Their daughter prays for him too, every Sunday with her maids echoing her, and more often she fights to hold onto the shattered legacy he left behind.
But he doesn't see it.
He is smiling when he reaches her, his steps whisper-soft in the wake of hers (He always smiles now). "You didn't answer," he says, his fingers grazing her cheek. Around them, the room becomes brighter, the fires laugh and sing, and the members of their daughter's court gasp and cross themselves. "Do you still love me, my sweet wife?" His smile is confident, the decade and half he lived after her gone and erased. The man before her is younger still than the husband who forsook and condemned her. Only by three years, a blink in eternity now; but she remembers how they had stretched into three decades while she lay awake in the Tower.
Is this her fate, then? To resent the man he became, yet love the man of their younger years - this man he's chosen as his eternal manner? To watch him smile at her and strive to win her favor, yet remember how this same love could be snuffed away and turned into cold loneliness? To know that the hand now begging for a caress once signed a death sentence, a sentence against her?
Sometimes she wonders whether he remembers enough to know she was the one who fit best at his side, whether some part of him knows he never again knew passion like the one she'd fanned in his heart.
Sometimes, she says yes.
But today she has heard the swish of a sword haunt her since dawn, and today she's seen a tear threaten to fall down their daughter's cheek.

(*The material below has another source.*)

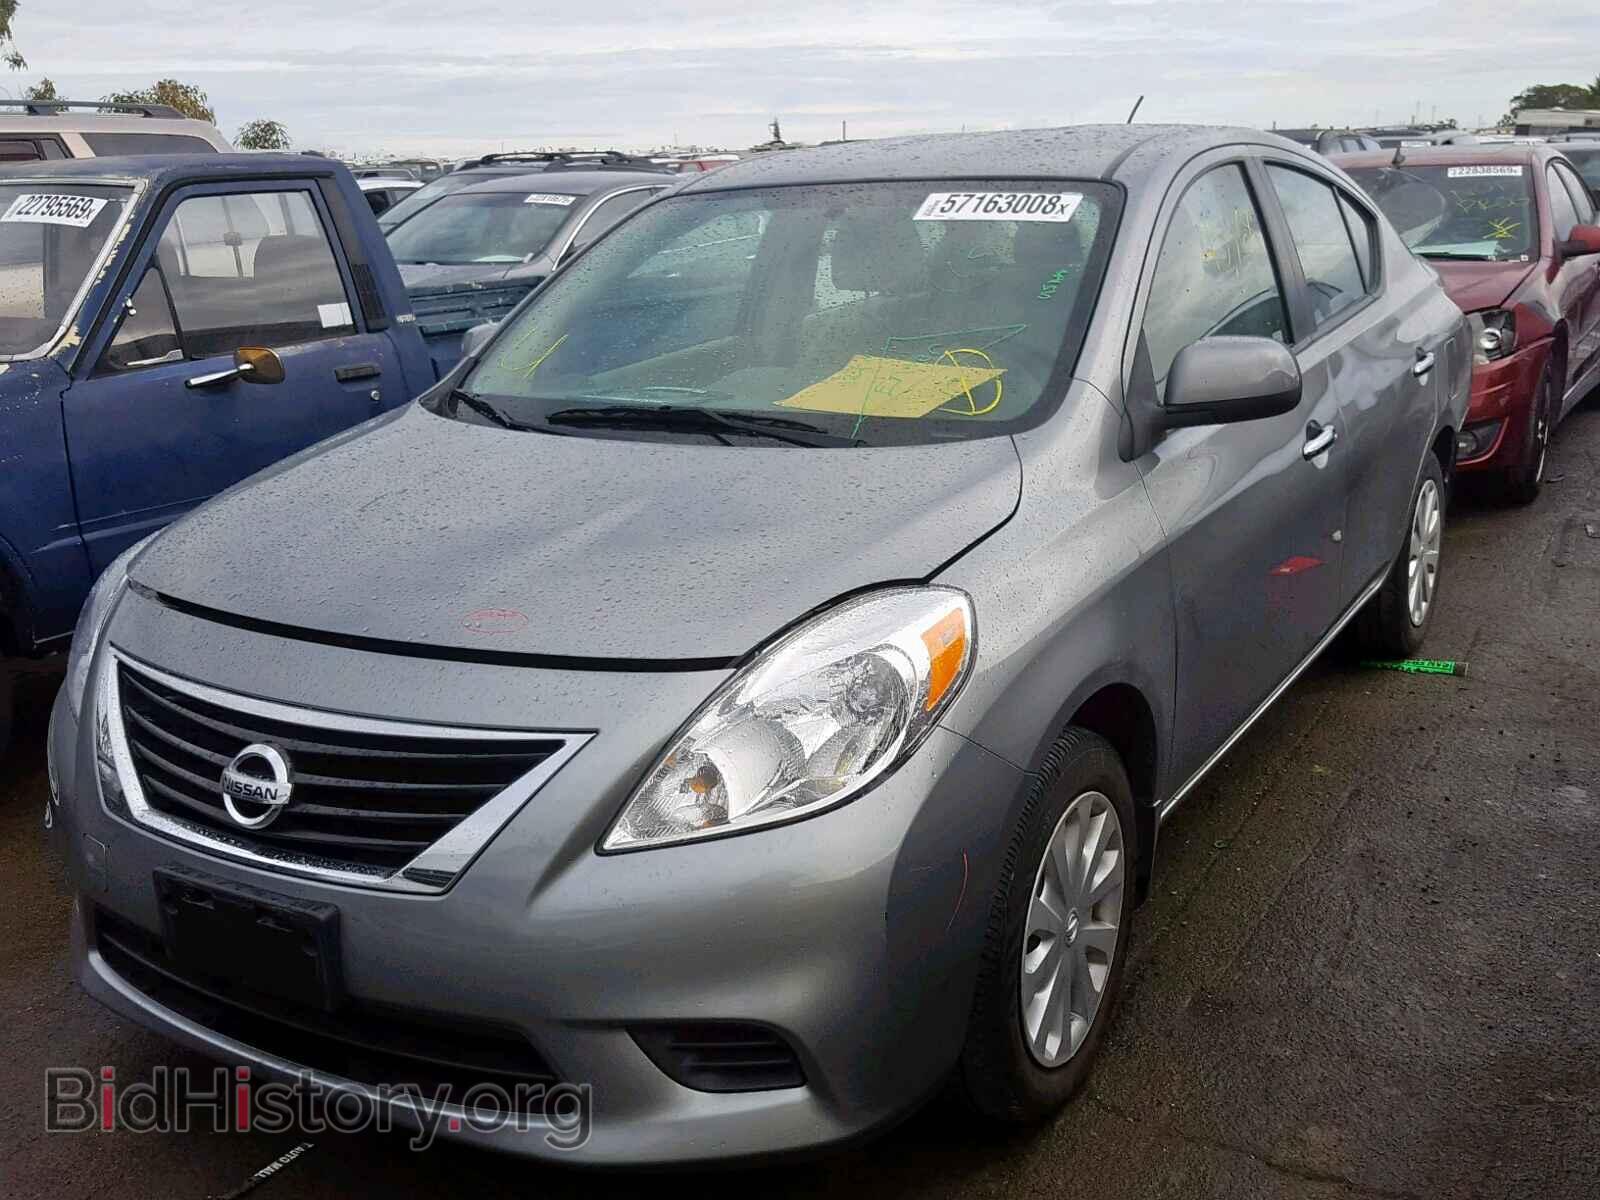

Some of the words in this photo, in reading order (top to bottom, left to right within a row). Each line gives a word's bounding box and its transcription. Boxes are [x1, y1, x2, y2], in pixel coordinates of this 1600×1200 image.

However many years have passed, May always wraps her in an anguished embrace and this day is the worst.
"Not today," she pleads.
But he doesn't listen. Before or after her, he never learned that, and she was not allowed the time to teach him. He takes her hand instead, and takes her tight grasp as a sign of tender feelings instead of the force of will not to tear herself away.
After all, he does not remember.
Perhaps because she lets him forget.
"Doesn't matter. Today or tomorrow," he laughs, young and in love, "Of course you do!" How can she deny him this, when she knows what it is to be discarded unfeelingly? "Who else would you love, my sweet Anne?"
She bites her lip against a cry or a harsh laugh; she doesn't know which. "Indeed, Henry," and wonders whether one day he'll allow his memories to return, whether he'll appreciate the irony of her words, whether he'll still believe those terrible accusations that gave him justification to… to… Oh, Henry, she thinks, and ties her fate to his again, and again, and… "Who else would I love?"